Em 1884, 52 anos depois, o espetáculo era bem menos espontâneo - e, talvez, tivesse agradado Darwin. A estrutura da festa foi importada. Da França. “O Carnaval de Salvador foi inventado, criado para se parecer com um Carnaval do sul da França, de Nice, com carros alegóricos, máscaras e a continuação da rua para os bailes”, explica Caroline Fantinel, pesquisadora do Instituto de Humanidades, Artes e Ciências Professor Milton Santos da Universidade Federal da Bahia (Ihac/Ufba) e coordenadora do projeto Memórias do Reinado de Momo.
A primeira parte funcionou: o primeiro clube do Carnaval soteropolitano, o Cruz Vermelha, botou seu carro alegórico na rua em 1884 e só saiu de cena de 1962, quando já tinha outro nome: Cruzeiro da Vitória, para não ser confundido com a instituição de ajuda humanitária. Junto com ele, fizeram sucesso o Fantoches da Euterpe e os Inocentes em Progresso. Mas, esse modelo foi se modificando à medida que, no início do século 20, a participação popular se fortaleceu.
“Apesar de tantas mudanças que aconteceram, tem algo
que foi feito no princípio do Carnaval de Salvador reverbera, nos tempos atuais”, aponta.
Ela cita a resistência da cultura afro-baiana como um legado. Os camarotes, em relação aos blocos, guardam elementos dos clubes em relação às pessoas que não podiam participar da festa.
NOVO CARNAVAL
O Centro foi, por muito tempo, o principal palco do Carnaval de Salvador. Mas, na década de 1980, a orla da Barra começou a receber foliões.

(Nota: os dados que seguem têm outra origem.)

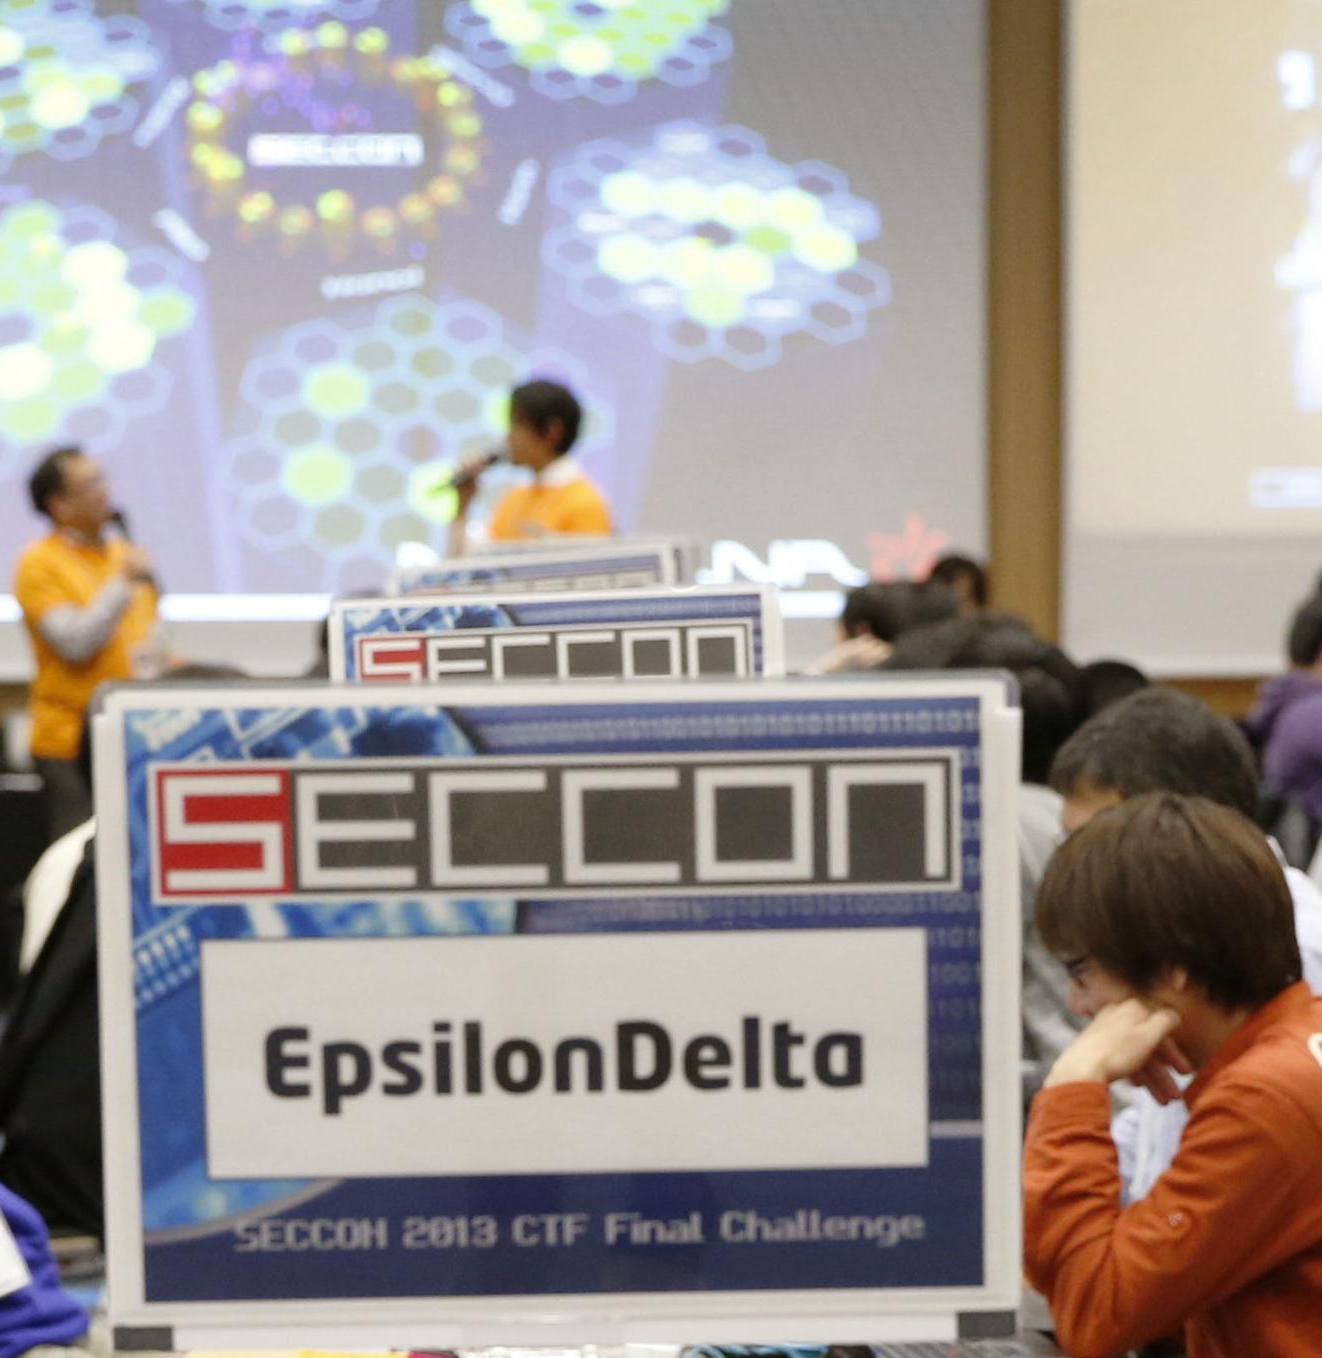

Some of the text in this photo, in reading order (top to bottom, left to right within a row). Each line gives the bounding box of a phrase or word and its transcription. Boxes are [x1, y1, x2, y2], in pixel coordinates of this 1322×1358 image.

[161, 762, 947, 892] SECCON
[264, 1016, 864, 1115] EpsilonDelta
[402, 1214, 498, 1249] 2013
[511, 1212, 588, 1247] CTF
[604, 1209, 705, 1246] Final
[718, 1207, 925, 1248] Challenge
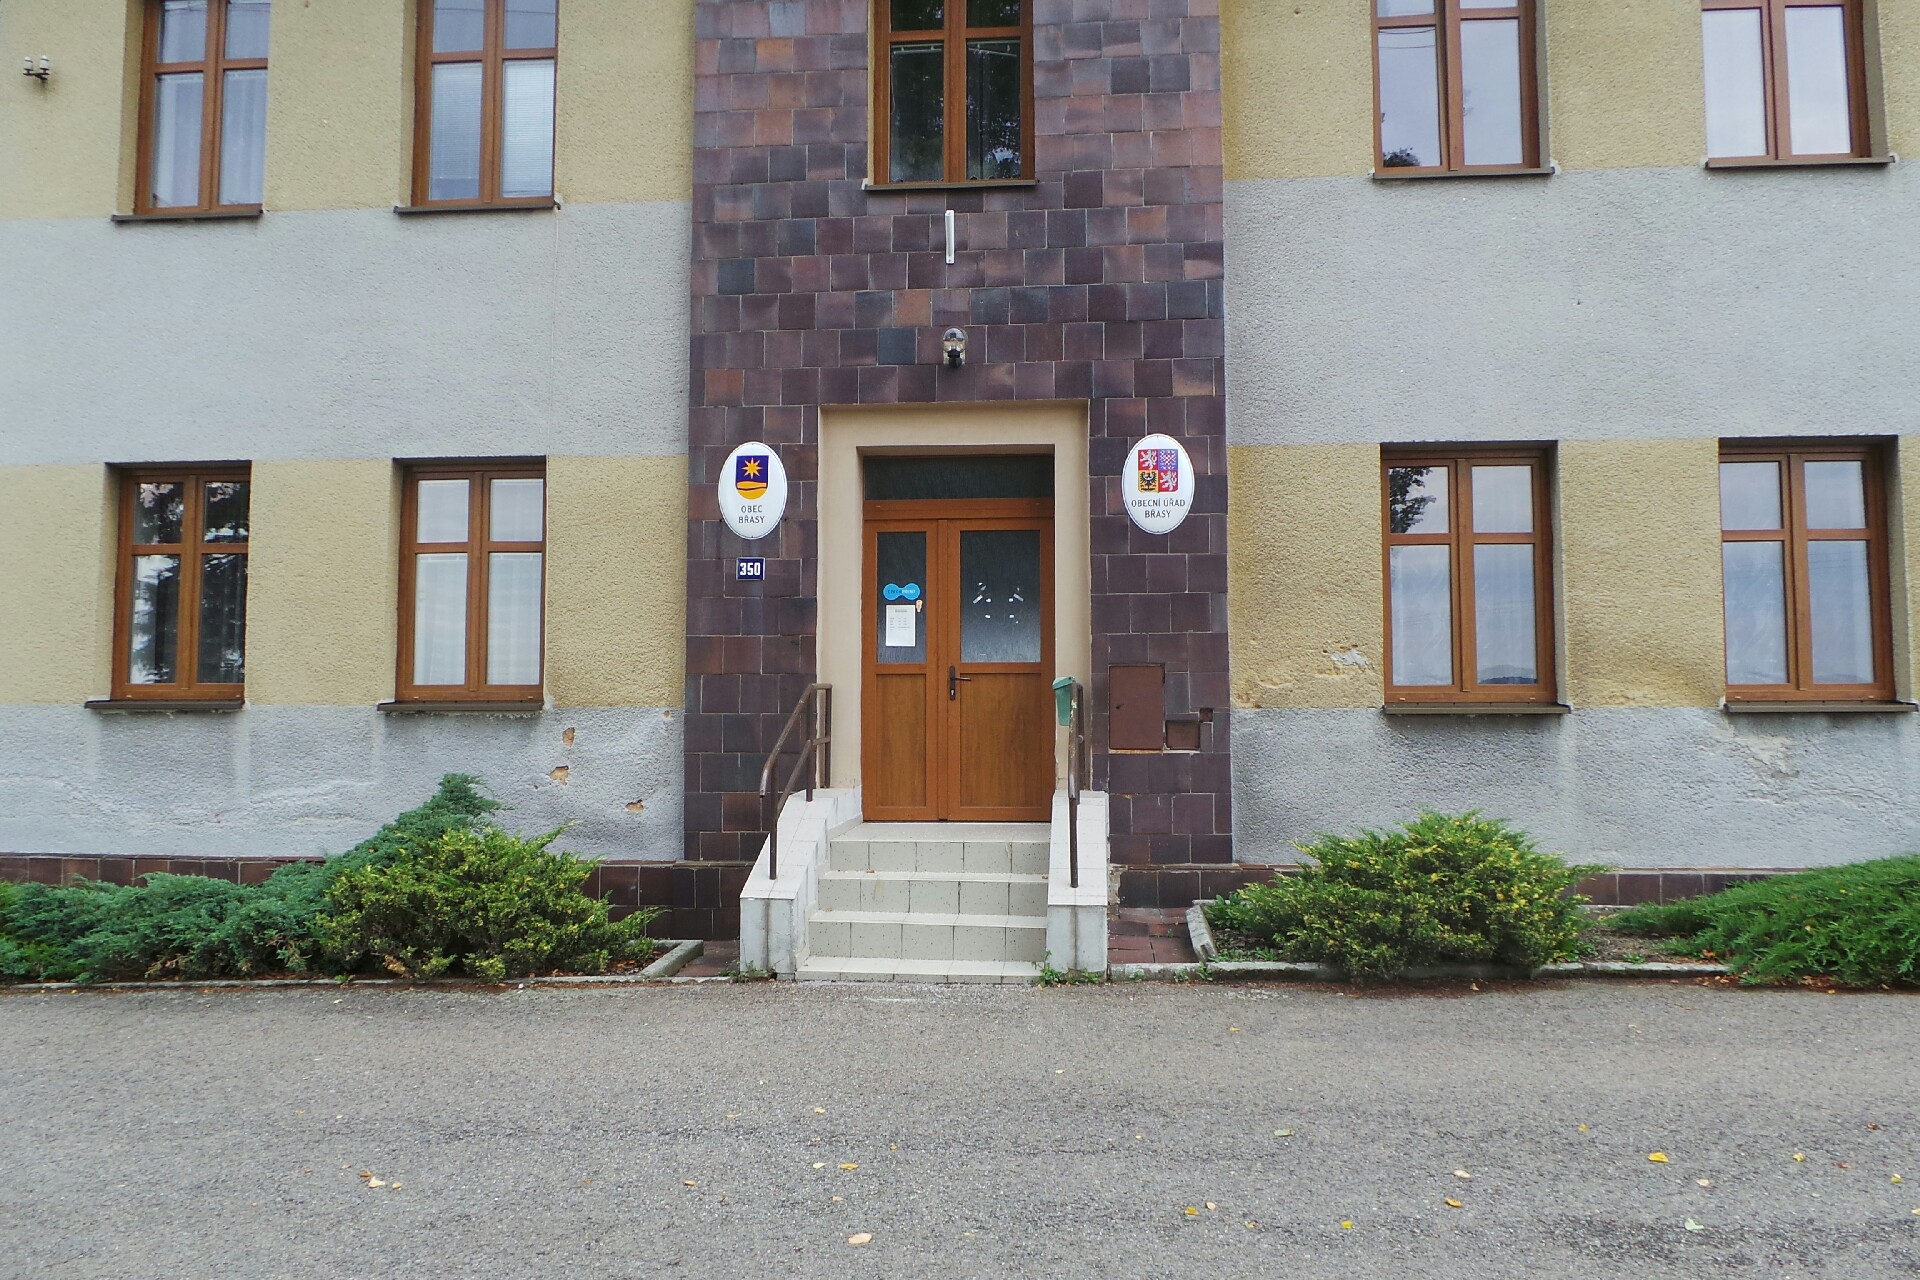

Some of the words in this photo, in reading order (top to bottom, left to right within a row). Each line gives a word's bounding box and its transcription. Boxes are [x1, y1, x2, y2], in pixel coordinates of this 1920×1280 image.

[1131, 498, 1161, 507] OBECNÍ
[1163, 498, 1186, 507] ÚŘAD
[740, 505, 763, 513] OBEC
[1144, 509, 1171, 518] BŘASY
[738, 515, 765, 523] BŘASY
[740, 562, 760, 575] 350

Em 1983, o CORREIO mostrou em sua edição da Quarta-feira de Cinzas que o Farol da Barra não tinha “aderido” ao Carnaval, como se esperava. No ano seguinte, ainda se falava da pouca animação no local, mas em 1986, a manchete era sobre “delírio total” na Barra.

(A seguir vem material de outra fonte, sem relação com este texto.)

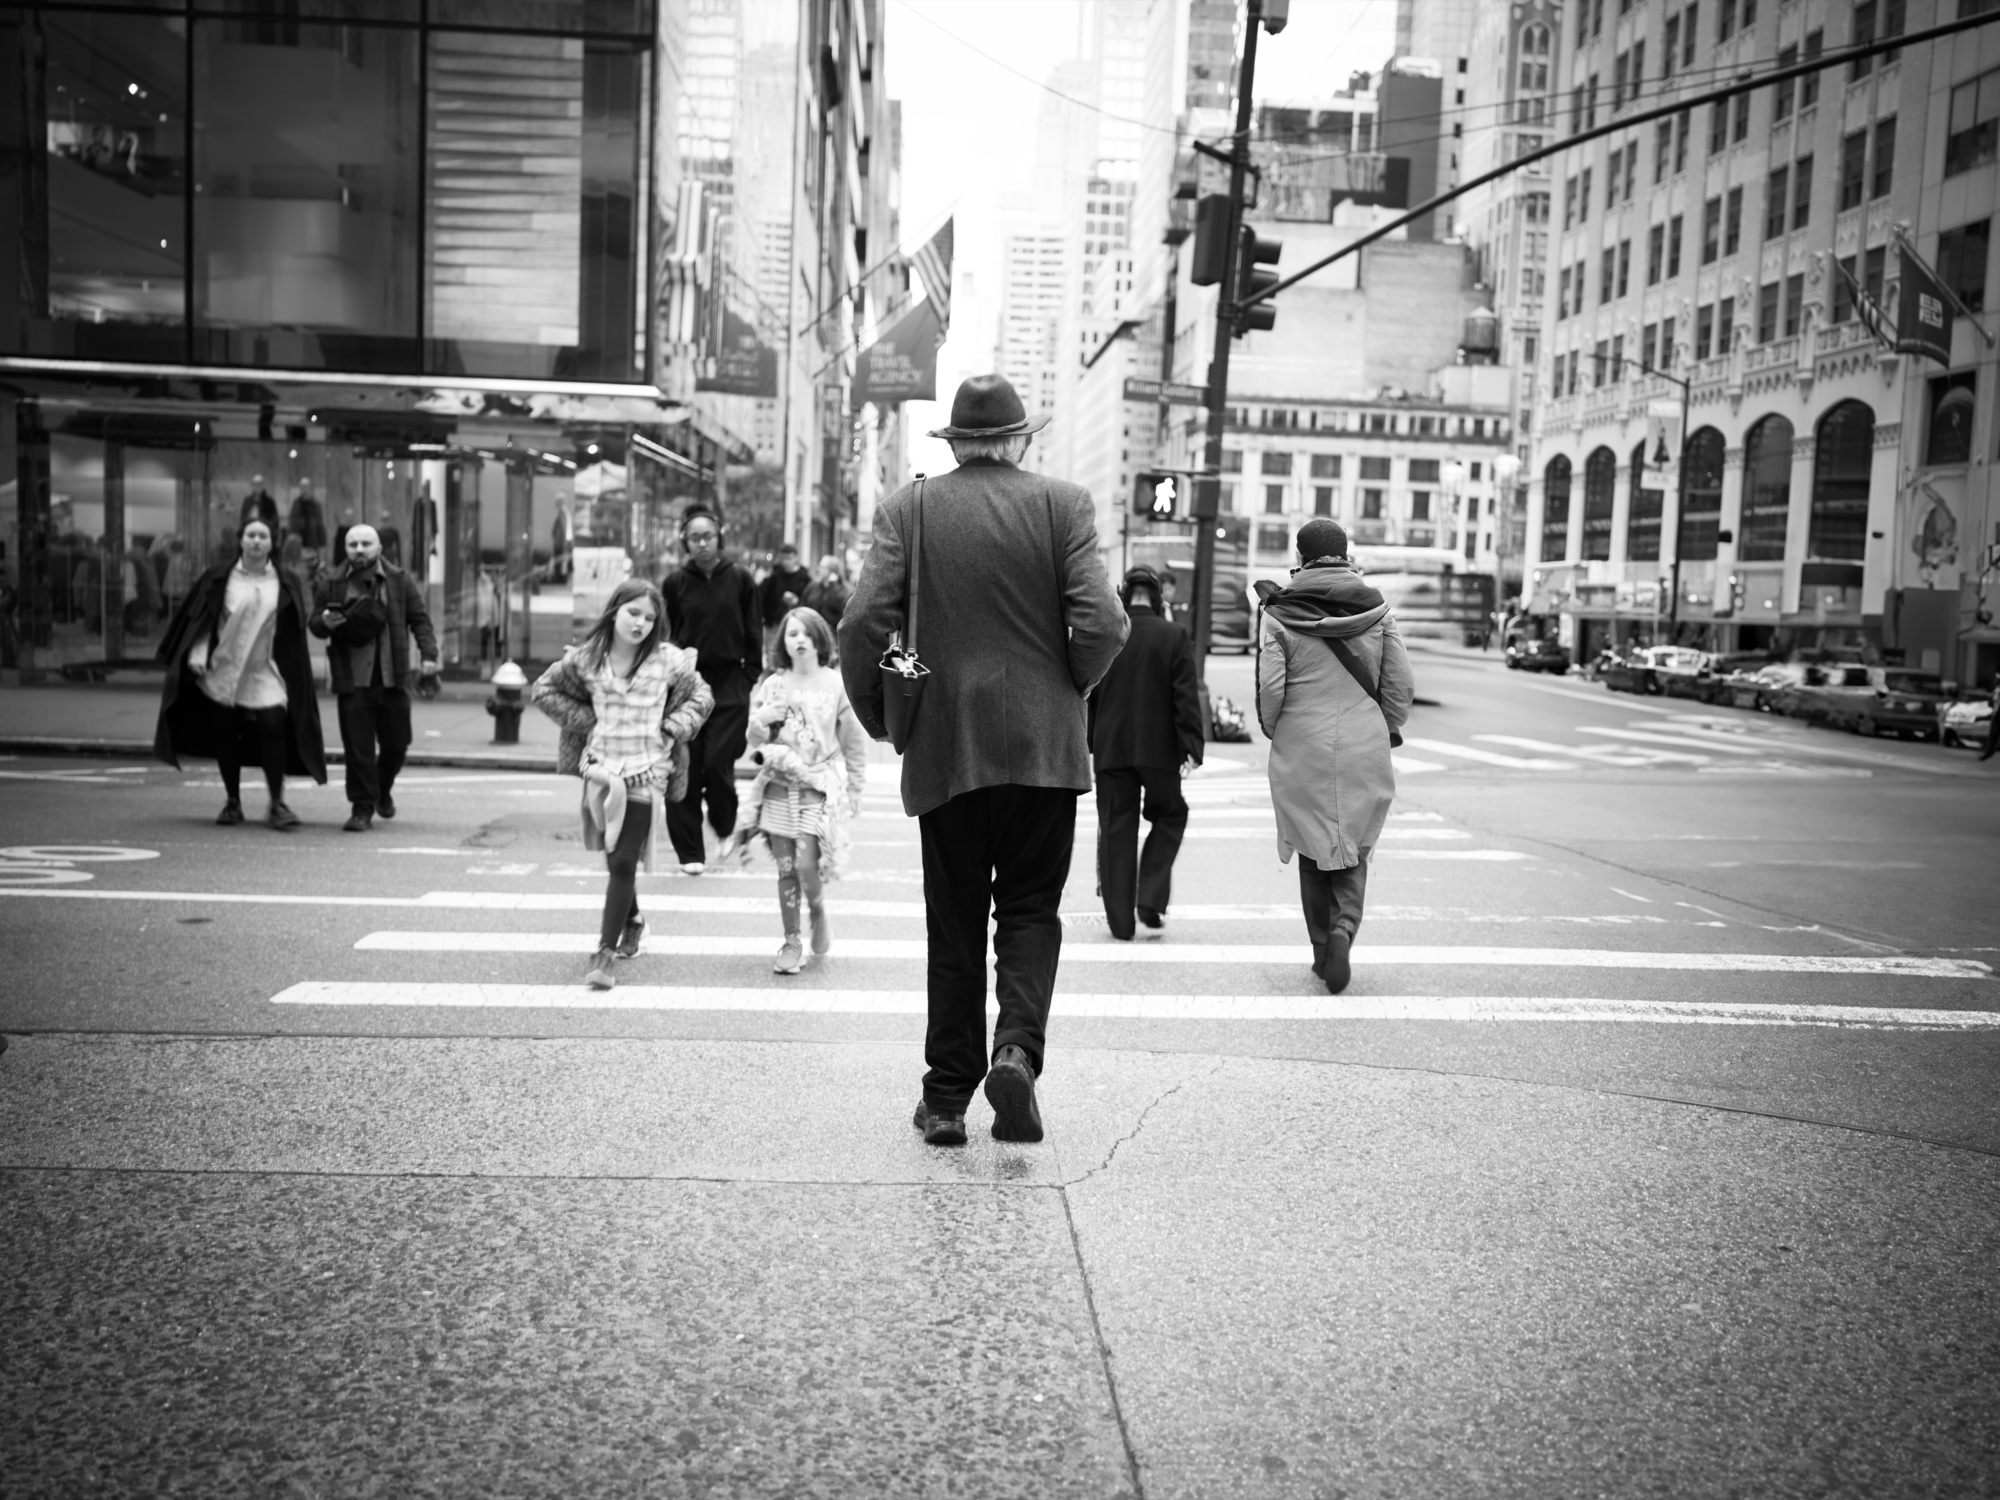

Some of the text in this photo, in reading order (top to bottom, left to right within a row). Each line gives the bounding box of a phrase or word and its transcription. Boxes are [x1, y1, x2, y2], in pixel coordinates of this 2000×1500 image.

[867, 369, 923, 384] AGENCY
[1127, 382, 1203, 401] William Goldberg

Para Fantinel, a partir dos anos 1980 um conjunto de mudanças causou grande impacto na festa e nos envolvidos nela, como o trio elétrico a pleno vapor e as tecnologias sonoras, os blocos, o sucesso da axé music e o Carnaval como negócio.

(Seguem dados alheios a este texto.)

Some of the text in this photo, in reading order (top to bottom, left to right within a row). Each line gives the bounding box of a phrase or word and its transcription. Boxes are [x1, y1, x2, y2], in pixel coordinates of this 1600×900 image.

“Mudou evidentemente quando o poder econômico entrou no Carnaval para tirar proveito. Isso mudou muito porque deixou o folião muito limitado”, aponta Chico Mascarenhas. Esse crescimento fez surgir, oficialmente, um novo circuito. Em 1992, a Barra ganhou novo nome: Circuito Dodô. Um pouco mais adiante, o lugar foi finalmente “inaugurado” com a presença de Daniela Mercury, que se instalou ali com trio e camarote próprio.
De lá para cá, muita coisa aconteceu. Os blocos de corda foram protagonistas, abriram espaço para os camarotes e, nos últimos anos, viram a pipoca crescer com trios independentes e movimentos como o Fuzuê e o Furdunço.
“Talvez não seja um resgate, seja uma continuação dessa dinâmica. Formas carnavalescas que pareciam acabadas vão aparecendo e se reconfigurando. Não tem nada fixo, talvez o ponto central do Carnaval seja a descontinuidade do cotidiano, a ideia de que vai se viver dias de descontinuidade, de interrupção da vida cotidiana. É esse o barato do Carnaval”, afirma Luan Alves.